Lucas und Noam lernen sich vor drei Jahren in Jerusalem kennen. Im Oktober 2023 heiraten sie in der Schweiz: der Termin steht schon lange fest. Nur wenige Tage, bevor der Israeli Noam zur Hochzeit anreist: der brutale Angriff der Hamas auf den Süden Israels und der Beginn des Gazakriegs. Die furchtbaren Ereignisse überschatten die Beziehung.
Der Schweizer Lucas hat lange in den palästinensischen Gebieten und Libanon gearbeitet. Israels Kriegsführung im Gazastreifen mit Zehntausenden von Opfern entsetzt ihn. Noam hingegen sieht die Existenz Israels bedroht: Eine Alternative zum Krieg gegen die Hamas sieht er nicht. Noam ist drauf und dran, sich in Israel zum Kriegsdienst zu melden. Lucas überlegt sich, im Gazastreifen humanitäre Hilfe zu leisten. Die beiden streiten sich, machen einander schwere Vorwürfe.
Noams Standpunkt: Lucas fokussiere nur auf die Opferzahlen, und nicht auf den Grund für die hohe Zahl von zivilen Opfern. Israel töte nicht mit Absicht so viele Zivilpersonen, daran sei die Hamas schuld: Sie verstecke sich in der Zivilbevölkerung und benutze diese als menschliche Schutzschilde.

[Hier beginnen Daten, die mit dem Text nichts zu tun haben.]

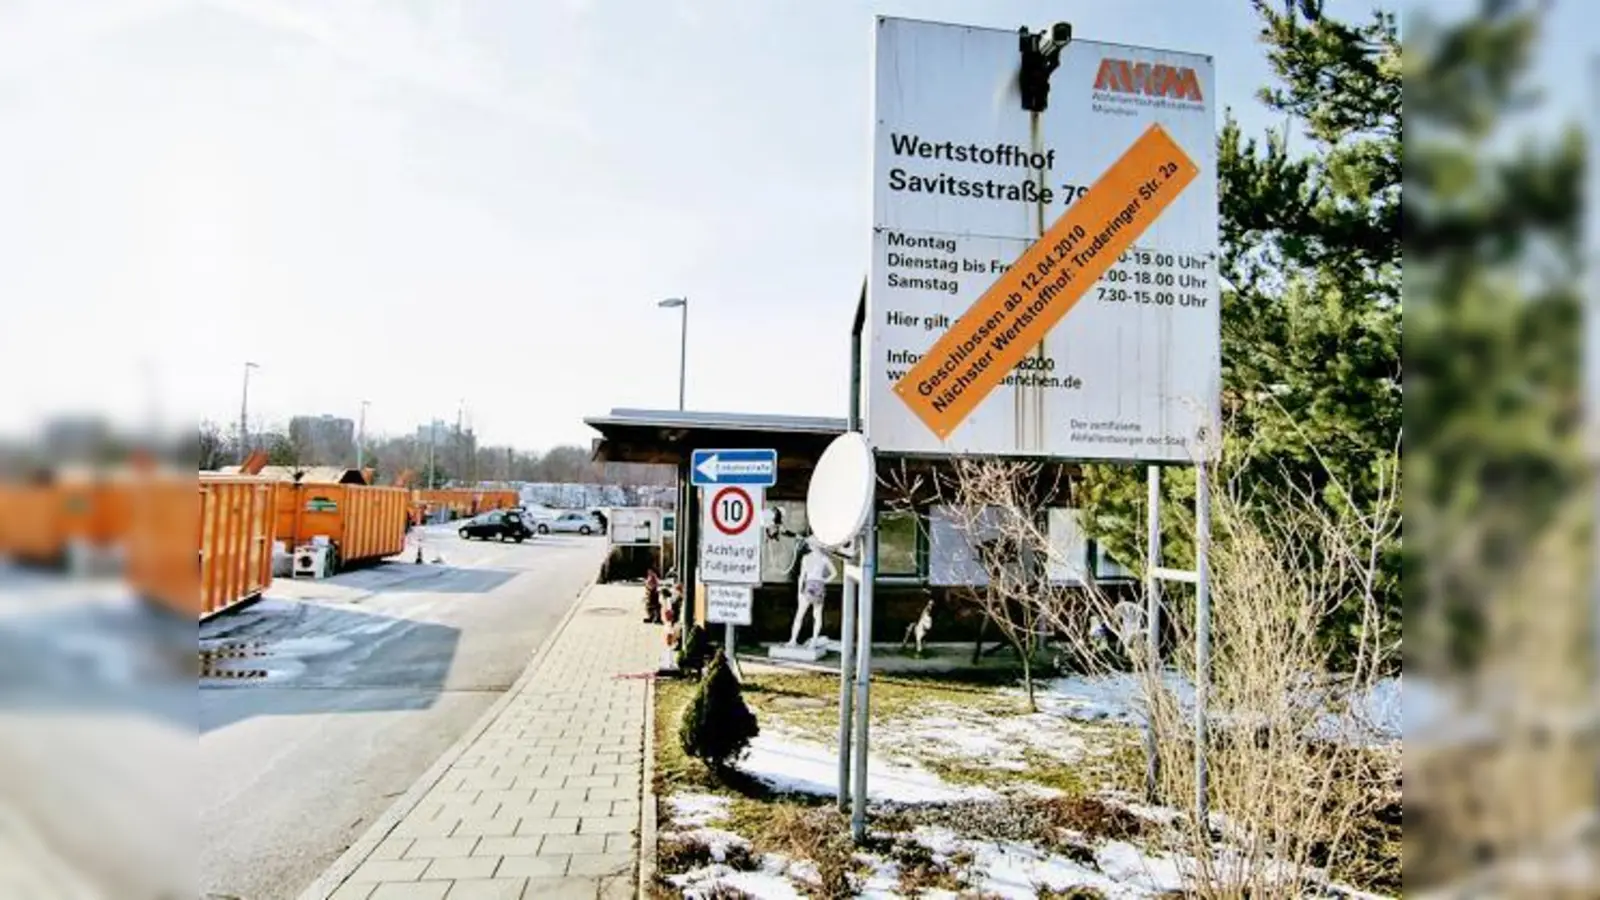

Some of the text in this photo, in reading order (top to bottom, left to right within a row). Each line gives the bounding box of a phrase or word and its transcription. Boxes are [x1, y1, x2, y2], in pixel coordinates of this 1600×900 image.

[890, 132, 1055, 170] Wertstoffhof
[888, 168, 1053, 205] Savitsstraße
[887, 231, 957, 254] Montag
[887, 252, 959, 274] Dienstag
[962, 258, 986, 273] bis
[1179, 255, 1207, 270] Uhr
[887, 270, 1207, 295] Samstag .00-18.00 Uhr
[932, 161, 1178, 413] Nächster Wertstoffhof: Truderinger Str. 2a
[1097, 287, 1207, 308] 7.30-15.00 Uhr
[886, 311, 919, 327] Hier
[924, 314, 950, 331] gilt
[918, 225, 1086, 396] Geschlossen ab 12.04.2010
[722, 499, 743, 522] 10
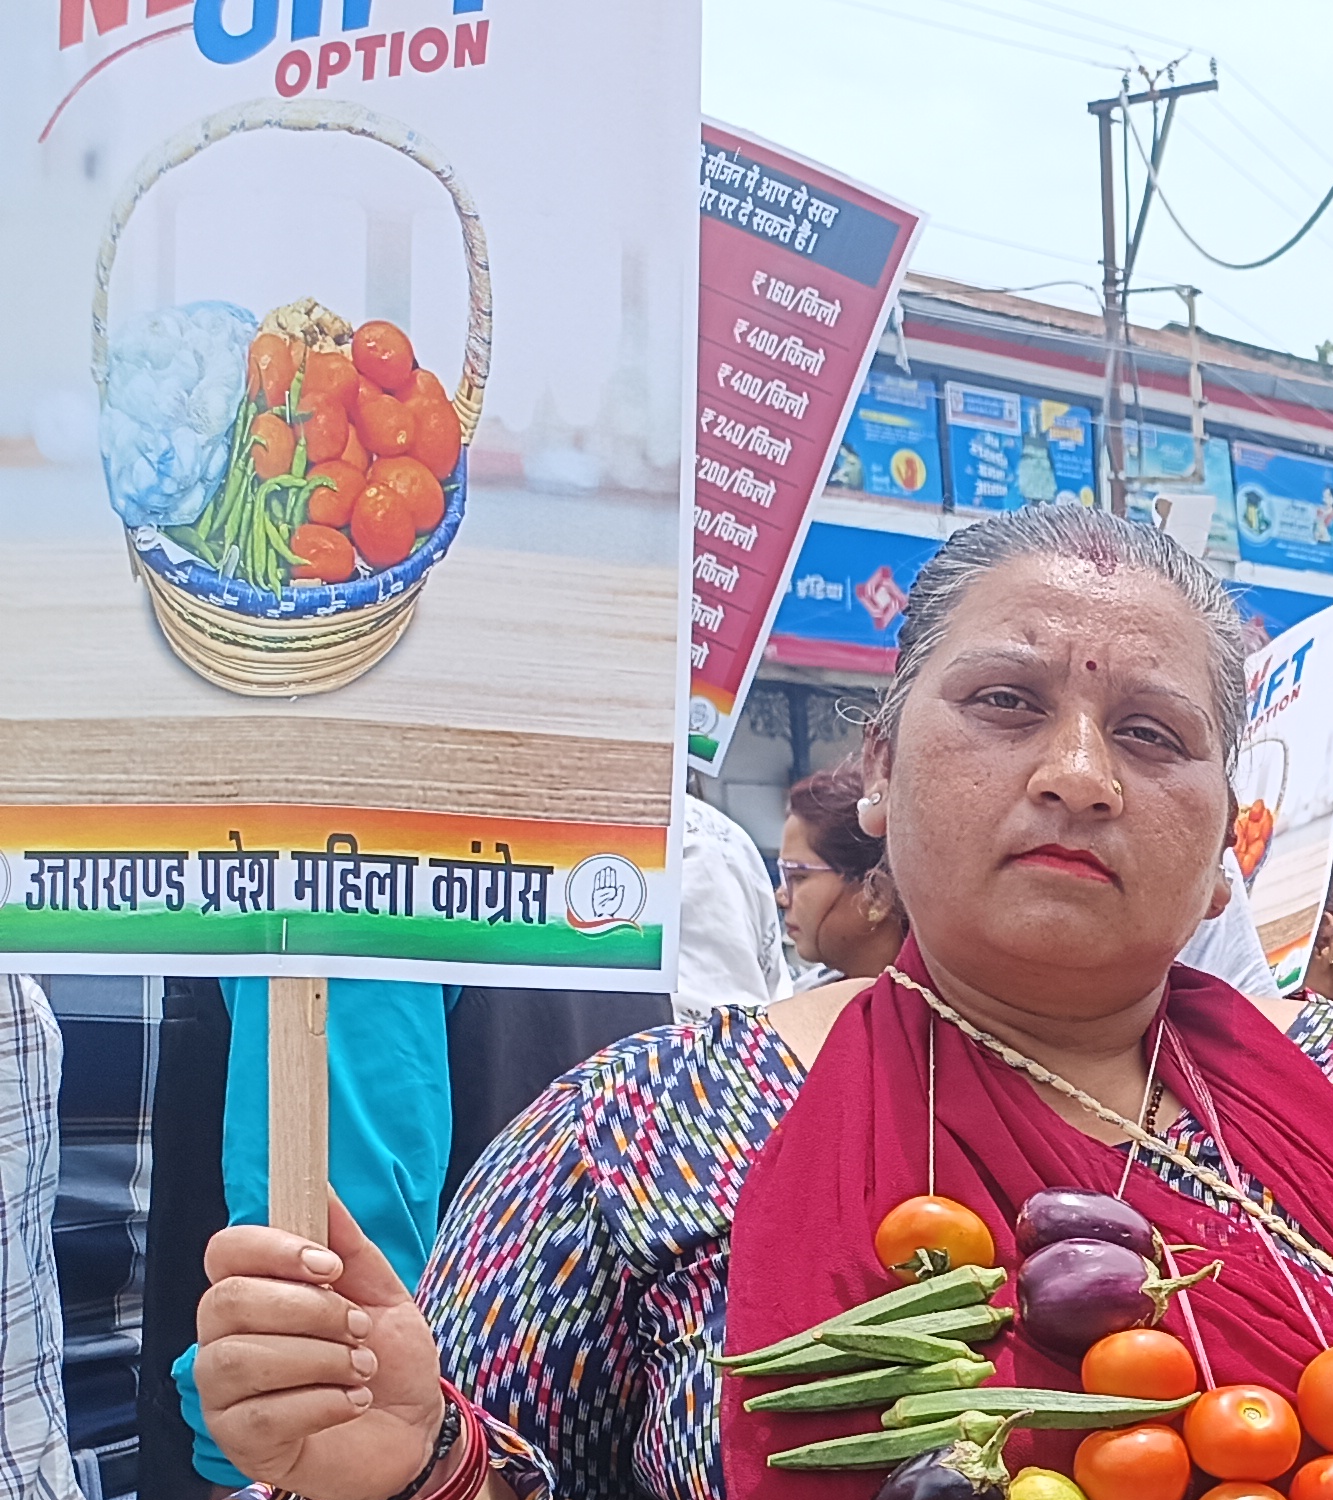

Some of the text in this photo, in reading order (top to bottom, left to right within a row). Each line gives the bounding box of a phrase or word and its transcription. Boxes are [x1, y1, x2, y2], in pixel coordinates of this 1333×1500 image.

[275, 19, 489, 98] OPTION
[705, 152, 745, 188] सीजन
[757, 176, 792, 207] आप
[792, 186, 808, 215] ये
[808, 197, 839, 228] सब
[719, 192, 739, 220] पर
[738, 196, 753, 225] दे
[752, 208, 796, 243] सकते
[1251, 637, 1314, 720] IFT
[25, 831, 553, 926] उत्तराखण्ड प्रदेश महिला कांग्रेस

Lucas Standpunkt: Zivilpersonen töten, sei ein Kriegsverbrechen. Es gebe nicht gute oder schlechte Kriegsverbrechen, sondern einfach nur Kriegsverbrechen. Die zu hohe Zahl von zivilen Opfern sei eine Tatsache, für die es keine Rechtfertigung gebe.
Noams Standpunkt: Der Hamas sei es egal, wie viele Palästinenserinnen und Palästinenser sterben. Ihr gehe es nicht um deren Rechte, sondern um eine radikal-islamistische Ideologie. Dazu gehöre die Vernichtung Israels. Wenn sich Israel mit ganzer Kraft gegen seine Vernichtung wehre, beklage der Westen die hohen Opferzahlen als unmoralisch und spiele damit der Hamas in die Hände. Die Hamas habe am 7. Oktober Kinder vor ihren Eltern getötet, wahllos gemordet und gefoltert – trotzdem sehe die Welt Israel als Kriegsverbrecher.

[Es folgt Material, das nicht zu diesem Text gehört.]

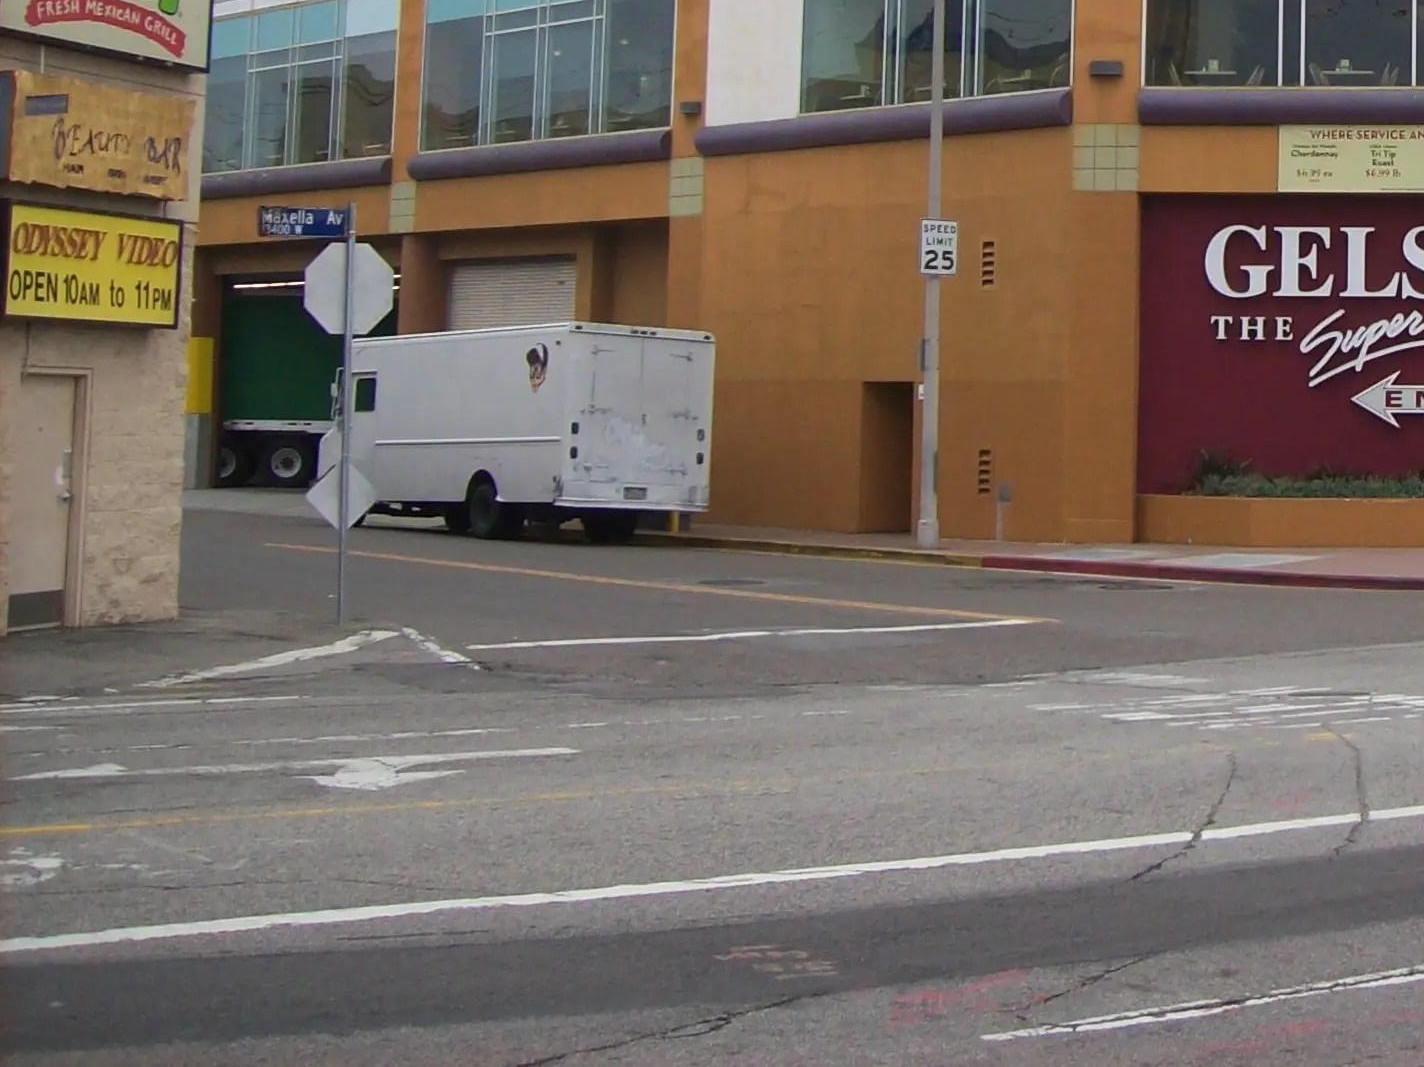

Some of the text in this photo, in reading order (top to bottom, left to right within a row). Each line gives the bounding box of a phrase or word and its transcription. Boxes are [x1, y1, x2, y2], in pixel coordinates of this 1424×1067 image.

Lucas Standpunkt: Mit Gewalt sei dieser Konflikt nicht zu lösen – im Gegenteil. Die allermeisten Menschen in der arabischen Welt seien keine Fanatiker. Israels Vernichtungskrieg im Gazastreifen erzeuge jedoch Unverständnis und Hass. Am Ende des Blutvergiessens werde keine kriegerische, sondern eine diplomatische Lösung stehen.
Soziale Medien – verschiedene Bubbles
Eine Zweistaatenlösung hält Noam für realitätsfern. Eine dauerhafte Friedenslösung kann er sich nicht vorstellen. Lucas hingegen ist überzeugt: Ein Frieden sei möglich.

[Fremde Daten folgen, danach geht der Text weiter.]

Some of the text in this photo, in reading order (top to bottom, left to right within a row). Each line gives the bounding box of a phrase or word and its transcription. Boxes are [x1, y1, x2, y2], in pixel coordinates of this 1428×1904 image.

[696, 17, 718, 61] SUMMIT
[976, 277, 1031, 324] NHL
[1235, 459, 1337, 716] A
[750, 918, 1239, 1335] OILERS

Ihren eigenen Streit beizulegen, ist nicht einfach. «Zusammen Nachrichten schauen? Das geht nicht!» sagen die beiden unisono. Beide versuchen, Nachrichten zu meiden. Über soziale Medien bekommen sie trotzdem vieles mit, aus völlig unterschiedlicher Perspektive.
Dass sie sich auf den sozialen Medien in unterschiedlichen Bubbles bewegen, ist den beiden bewusst. Ebenso die Tatsache, dass sie in Bezug auf den Gazakrieg wohl nie einer Meinung sein werden.
Trotzdem hätten sie im Streit miteinander viel gelernt. «Wir haben gelernt, mit unseren unterschiedlichen Meinungen zu leben, und wir haben uns mit der Identität, der Herkunft des anderen auseinandergesetzt», so Noam. Und Lucas ergänzt: «Wir kennen die Meinungen des anderen. Jetzt müssen wir auch nicht mehr darüber diskutieren, sondern können weitermachen, vorwärts schauen.»